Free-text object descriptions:
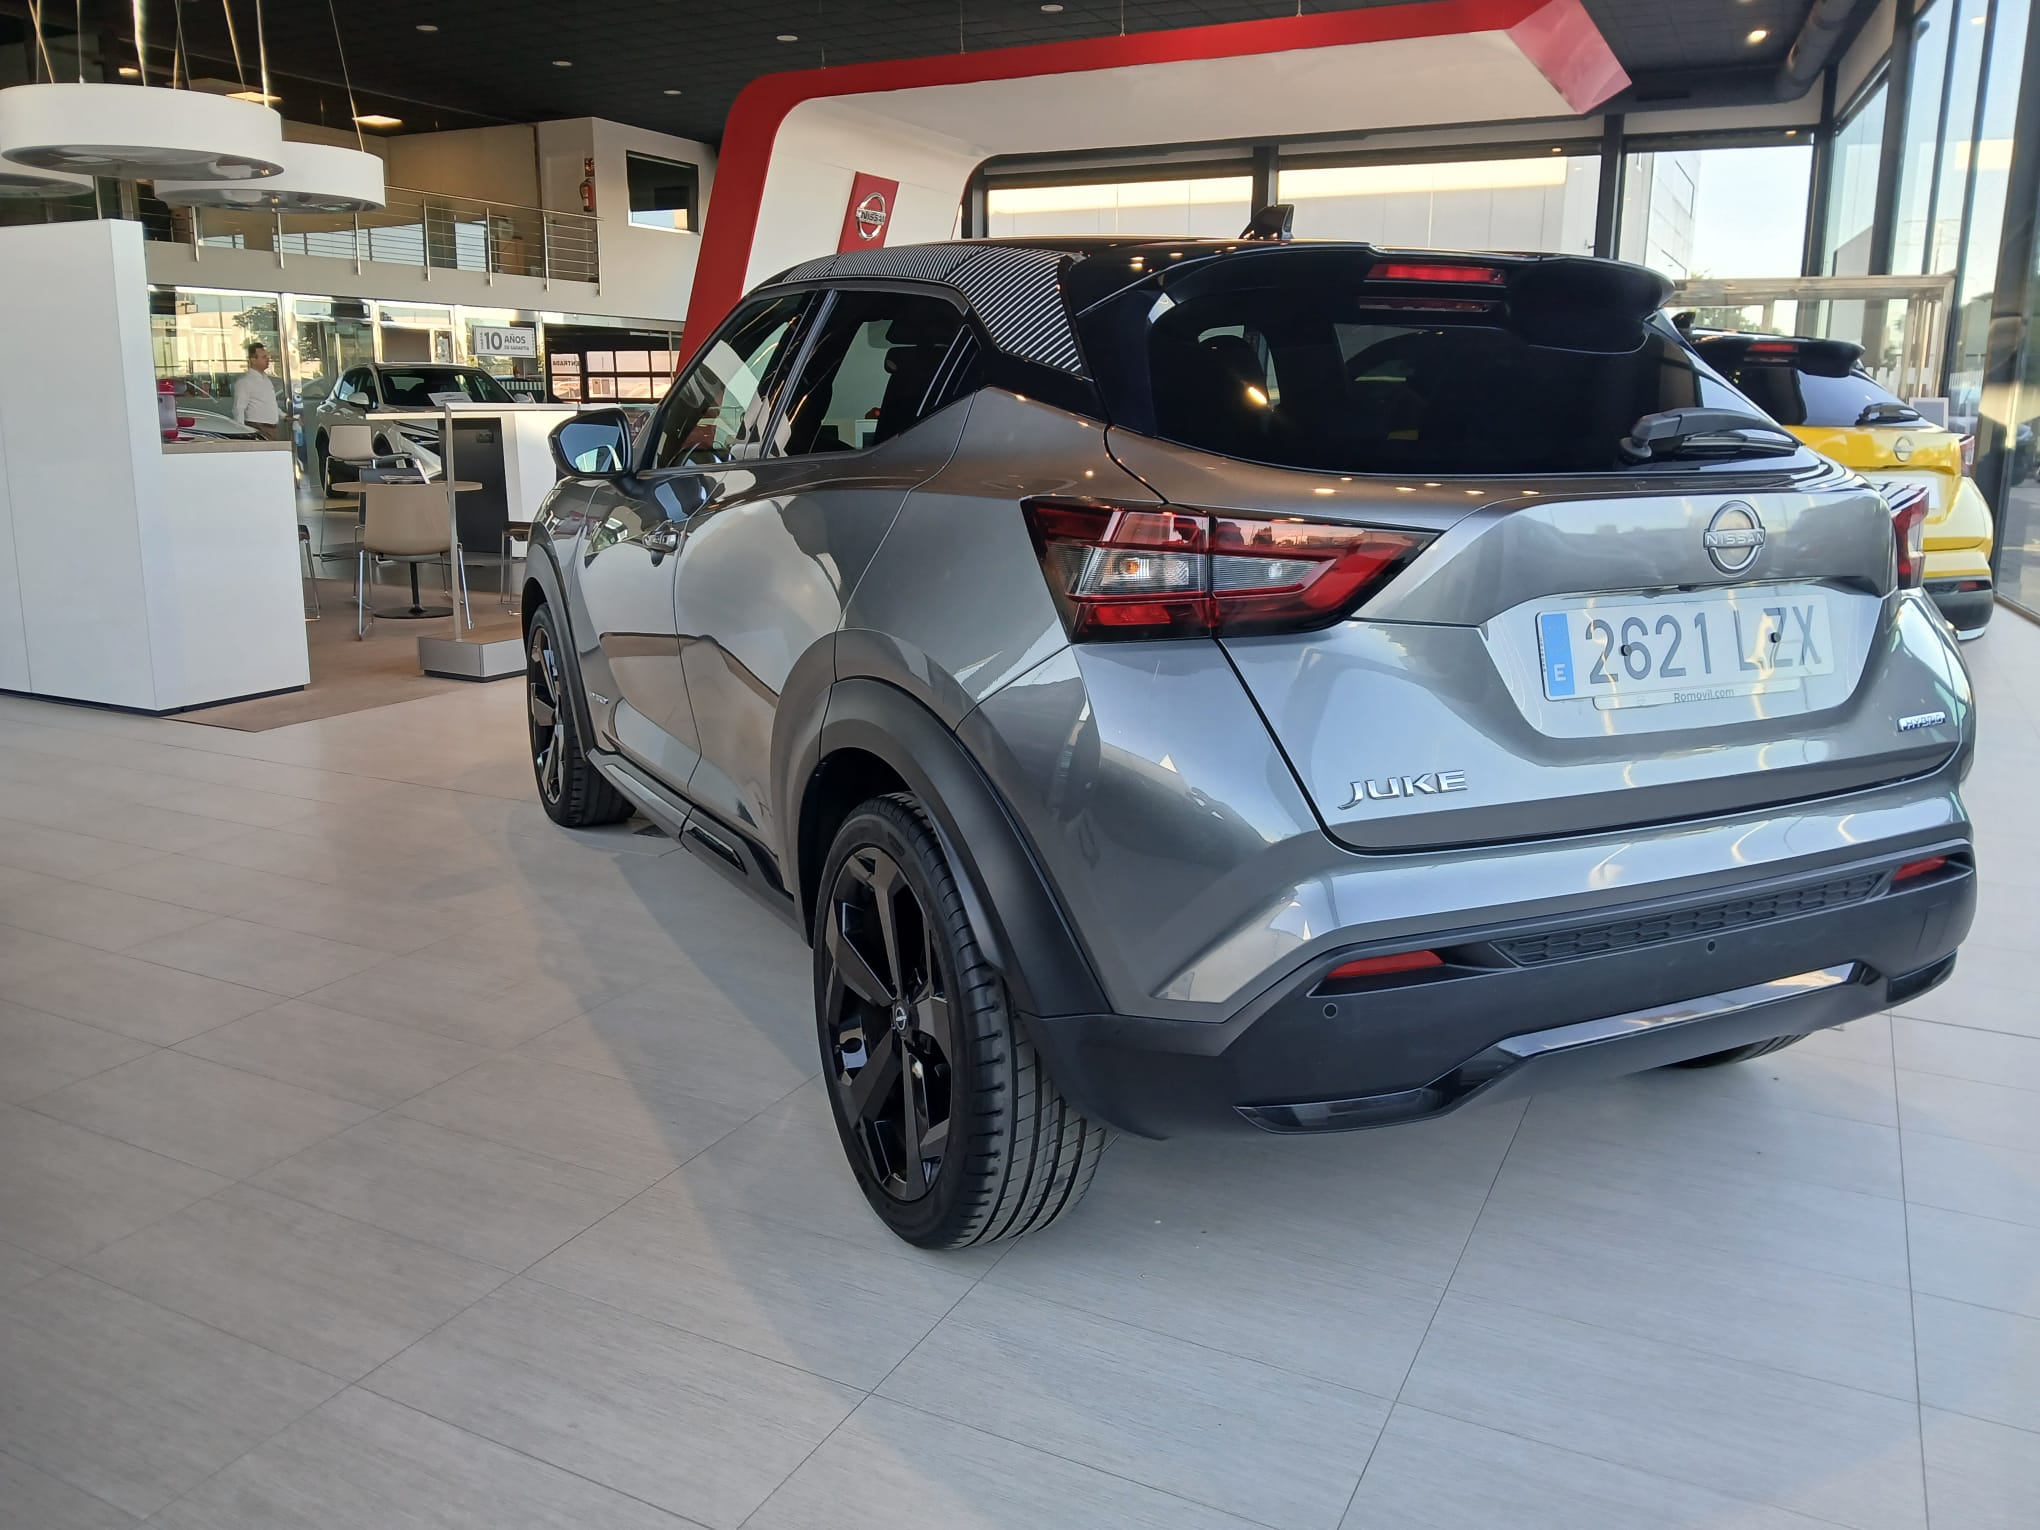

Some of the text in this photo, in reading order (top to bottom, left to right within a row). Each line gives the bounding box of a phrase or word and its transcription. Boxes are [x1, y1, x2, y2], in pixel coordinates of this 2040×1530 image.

[484, 331, 503, 351] 10
[504, 333, 526, 344] AÑOS
[1706, 530, 1764, 546] NISSAN
[1585, 612, 1712, 684] 2621
[1732, 605, 1822, 672] LZX
[1553, 663, 1568, 682] E
[1673, 688, 1735, 703] Romovil.com
[1337, 769, 1469, 810] JUKE

> _What the exercise asks_: Copy the entries character for character, excluding any pictures.

> _Solution to this task_:
Some of the text in this photo, in reading order (top to bottom, left to right within a row). Each line gives the bounding box of a phrase or word and its transcription. Boxes are [x1, y1, x2, y2], in pixel coordinates of this 2040×1530 image.

[484, 331, 503, 351] 10
[504, 333, 526, 344] AÑOS
[1706, 530, 1764, 546] NISSAN
[1585, 612, 1712, 684] 2621
[1732, 605, 1822, 672] LZX
[1553, 663, 1568, 682] E
[1673, 688, 1735, 703] Romovil.com
[1337, 769, 1469, 810] JUKE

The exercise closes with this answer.